*** Opening Data ***
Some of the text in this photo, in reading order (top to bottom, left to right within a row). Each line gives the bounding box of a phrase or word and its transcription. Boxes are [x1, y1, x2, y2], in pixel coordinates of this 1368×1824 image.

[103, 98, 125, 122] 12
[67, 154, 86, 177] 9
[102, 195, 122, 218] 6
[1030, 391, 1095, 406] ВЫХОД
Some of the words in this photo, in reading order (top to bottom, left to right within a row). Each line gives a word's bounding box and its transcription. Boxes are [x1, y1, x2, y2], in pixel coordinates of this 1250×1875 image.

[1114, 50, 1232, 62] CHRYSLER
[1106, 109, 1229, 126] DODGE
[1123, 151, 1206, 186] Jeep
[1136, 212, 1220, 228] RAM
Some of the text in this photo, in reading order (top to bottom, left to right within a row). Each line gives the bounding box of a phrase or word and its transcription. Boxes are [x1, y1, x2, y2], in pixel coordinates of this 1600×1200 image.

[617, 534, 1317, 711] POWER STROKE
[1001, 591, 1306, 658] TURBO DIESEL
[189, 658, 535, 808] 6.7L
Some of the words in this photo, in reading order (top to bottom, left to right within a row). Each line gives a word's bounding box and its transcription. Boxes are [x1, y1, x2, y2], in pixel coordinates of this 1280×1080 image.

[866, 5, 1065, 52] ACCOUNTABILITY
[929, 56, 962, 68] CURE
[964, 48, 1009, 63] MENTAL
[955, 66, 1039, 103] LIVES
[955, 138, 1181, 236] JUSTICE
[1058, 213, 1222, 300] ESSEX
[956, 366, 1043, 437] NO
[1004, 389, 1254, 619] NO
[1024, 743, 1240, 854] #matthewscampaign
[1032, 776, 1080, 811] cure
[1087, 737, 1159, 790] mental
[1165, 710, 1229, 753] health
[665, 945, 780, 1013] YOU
*** Closing Data ***
◆ To do ◆
Using the entries above, print each one again without any alteration.

◆ Finished exercise ◆
Some of the text in this photo, in reading order (top to bottom, left to right within a row). Each line gives the bounding box of a phrase or word and its transcription. Boxes are [x1, y1, x2, y2], in pixel coordinates of this 1368×1824 image.

[103, 98, 125, 122] 12
[67, 154, 86, 177] 9
[102, 195, 122, 218] 6
[1030, 391, 1095, 406] ВЫХОД
Some of the words in this photo, in reading order (top to bottom, left to right within a row). Each line gives a word's bounding box and its transcription. Boxes are [x1, y1, x2, y2], in pixel coordinates of this 1250×1875 image.

[1114, 50, 1232, 62] CHRYSLER
[1106, 109, 1229, 126] DODGE
[1123, 151, 1206, 186] Jeep
[1136, 212, 1220, 228] RAM
Some of the text in this photo, in reading order (top to bottom, left to right within a row). Each line gives the bounding box of a phrase or word and its transcription. Boxes are [x1, y1, x2, y2], in pixel coordinates of this 1600×1200 image.

[617, 534, 1317, 711] POWER STROKE
[1001, 591, 1306, 658] TURBO DIESEL
[189, 658, 535, 808] 6.7L
Some of the words in this photo, in reading order (top to bottom, left to right within a row). Each line gives a word's bounding box and its transcription. Boxes are [x1, y1, x2, y2], in pixel coordinates of this 1280×1080 image.

[866, 5, 1065, 52] ACCOUNTABILITY
[929, 56, 962, 68] CURE
[964, 48, 1009, 63] MENTAL
[955, 66, 1039, 103] LIVES
[955, 138, 1181, 236] JUSTICE
[1058, 213, 1222, 300] ESSEX
[956, 366, 1043, 437] NO
[1004, 389, 1254, 619] NO
[1024, 743, 1240, 854] #matthewscampaign
[1032, 776, 1080, 811] cure
[1087, 737, 1159, 790] mental
[1165, 710, 1229, 753] health
[665, 945, 780, 1013] YOU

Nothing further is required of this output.